OPINION. Les élites perdent le contrôle du narratif social, c’est irrémédiable.

La conscience publique évolue sous l’ère Trump.

Son ascension s’est construite sur la conviction répandue que la démocratie avait enfin donné naissance à un véritable outsider, quelqu’un qui ne s’exprimait pas par des slogans vérifiés par sondage, mais qui exprimait ce que des millions de personnes pensaient en secret : que le pays avait dévié de sa trajectoire et que l’establishment mentait sur la plupart des sujets.

Même ceux qui n’appréciaient pas Trump pensaient : « Vous savez quoi ? Donnons-lui une chance, il n’est pas des leurs. »

Mais l’impact profond de Trump n’était pas seulement politique, il était cognitif.
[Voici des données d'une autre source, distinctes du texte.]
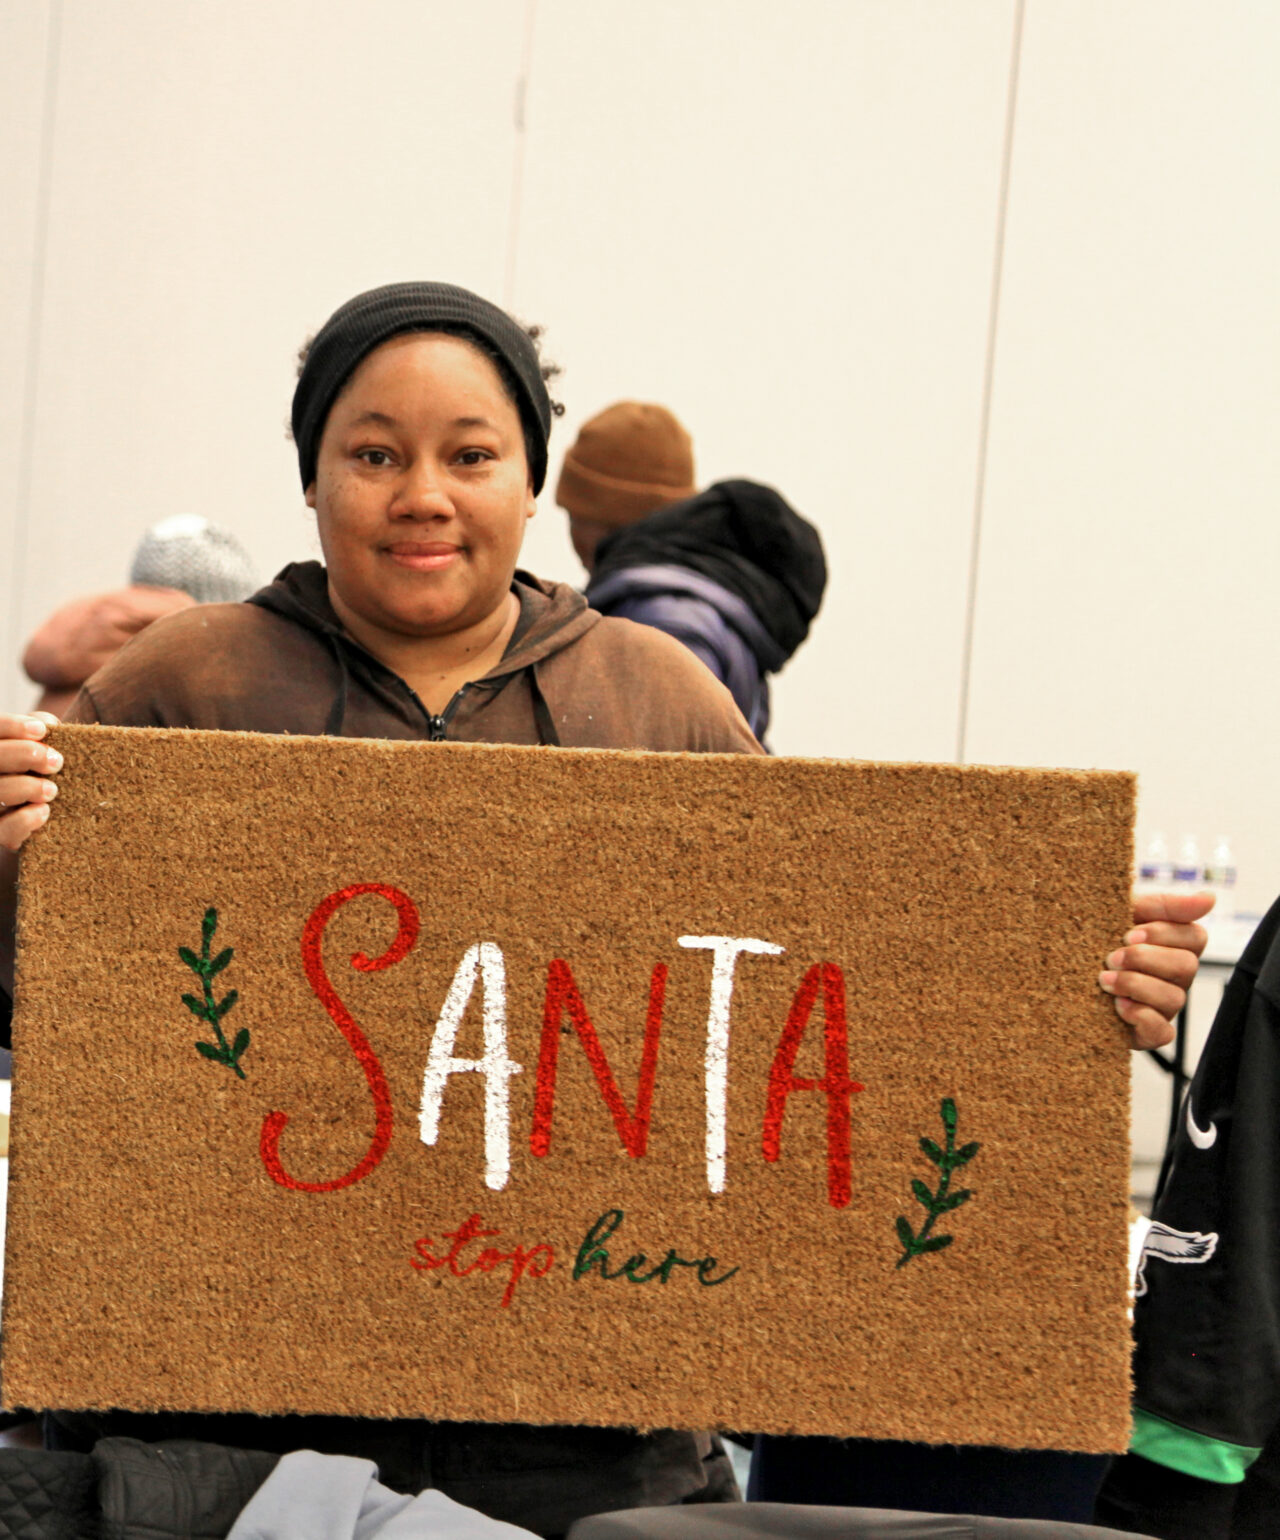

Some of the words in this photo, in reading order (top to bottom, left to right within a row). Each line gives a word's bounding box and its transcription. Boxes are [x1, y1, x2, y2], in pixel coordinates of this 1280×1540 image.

Il a brisé l’illusion de la neutralité des récits médiatiques. Il a forcé des millions de personnes à comprendre en temps réel comment fonctionne le contrôle narratif, comment se façonne la perception et comment les récits sont coordonnés entre les institutions d’élite.

Cette rupture de confiance narrative a ouvert les vannes.

Puis la COVID a frappé, et les politiques gouvernementales ont aggravé la situation.

Confinements, mandats, messages incohérents et censure pure et simple ont poussé beaucoup de gens dans un scepticisme permanent.

Aujourd’hui, des millions d’Américains sont en état d’hypervigilance narrative. Alors, quand quelque chose cloche, comme la gestion de l’affaire Epstein par le gouvernement, le manque de transparence ou l’apparente réticence à rendre justice, peu importe où elle mène, les gens ne haussent plus les épaules. Ils le dénoncent haut et fort. Publiquement.

Même sur des plateformes comme TruthSocial, où l’on s’attendrait à une loyauté aveugle à l’égard de Trump. Cela ne concerne pas seulement Trump, toute une population montre qu’elle n’est plus disposée à accepter des réponses superficielles. Ils en ont trop vu. Ils ont compris le fonctionnement du jeu. Et ils ne reviendront pas en arrière.